As the internet of medical things grows, the delivery of care moves beyond the four walls of a hospital, and patients become more engaged and accountable. Device manufacturers must be wary of this impending shift because experts predict that there will be between 20 and 30 billion devices within IoMT by 2020, making first-to-market pressures even greater. Above all, medical device manufacturers that rush to drive innovation can’t forget about one of the most important considerations with lasting consequences: device security.
This precaution isn’t “new” news by any standard — security is undoubtedly a hot topic that has found its way into war rooms and boardrooms. For device manufacturers, this means aligning priorities with customers’ needs and giving every device its own secure identity. But administrative stressors exist, including R&D budgets intended strictly for product development and stringent compliance requirements. Implementing a strategy that elevates digital security into production can often be a challenge as a result.
We were interested in quantifying the size and scope of these challenges, so we recently partnered with the Ponemon Institute and produced a study, “The Impact of Unsecured Digital Identities,” (registration required) in which we gathered input from 600 IT professionals across the U.S. The results reinforced exactly what we predicted: Lack of attention and investment in digital identity management is putting deployed technologies at risk.
Finding the dollars for digital security
One of the most interesting discoveries was that organizations spend $18.2 million on IT security annually, yet allocate only 14% to public key infrastructure. Additionally, 65% of respondents are adding layers of encryption to comply with regulations and policies, and 63% say additional certificates are increasing operational costs.
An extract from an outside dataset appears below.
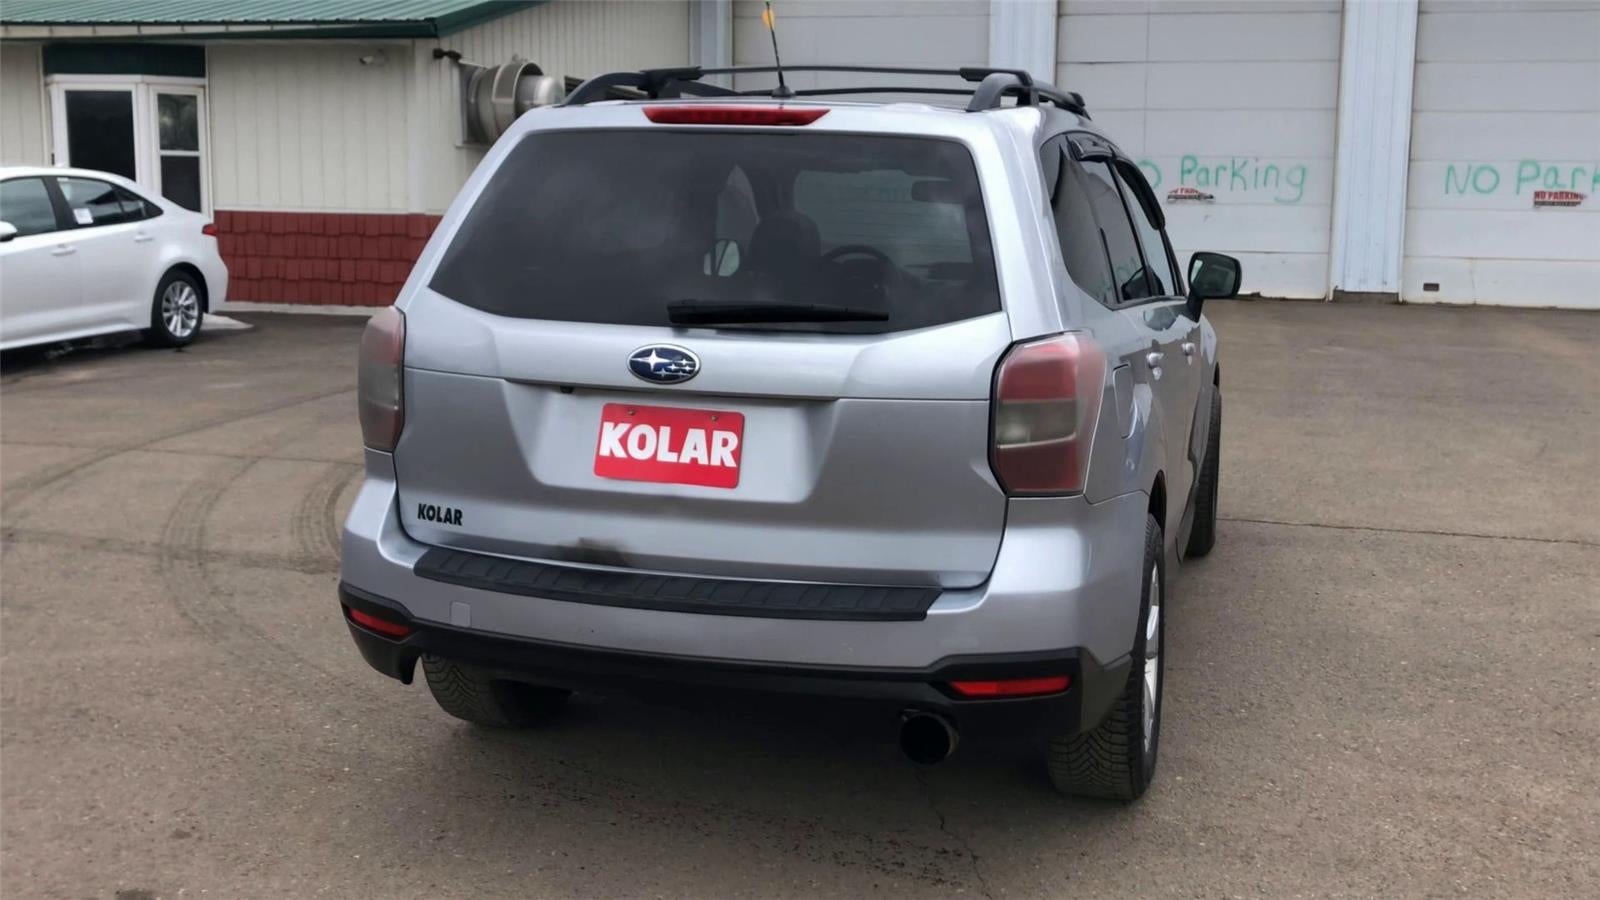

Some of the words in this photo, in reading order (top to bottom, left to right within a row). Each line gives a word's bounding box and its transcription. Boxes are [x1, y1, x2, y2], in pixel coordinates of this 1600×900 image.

[1137, 159, 1162, 190] O
[599, 421, 738, 467] KOLAR
[417, 503, 463, 526] KOLAR
These results imply that independent budgets are often standard practice and additional dollars are hard to come by. Decision-makers need to consider more creative ways to use long-term, security-centric funding. It can be as simple as incorporating a separate line item for security investments or as intricate as entrusting capital to a specialized department that can be activated as needed.
Budget investments that prevent catastrophe
Respondents experienced an average of five failed audits or compliance in the past two years, with a 42% likelihood that incidents like these will occur over the next two years. Not enough to drive organizational change? How about a price tag of $14.4 million being tied to failed audits and/or compliance from insufficient management practices? The study confirms that failed audits and lack of compliance are one of the costliest and most serious threats to an organization’s ability to minimize risk.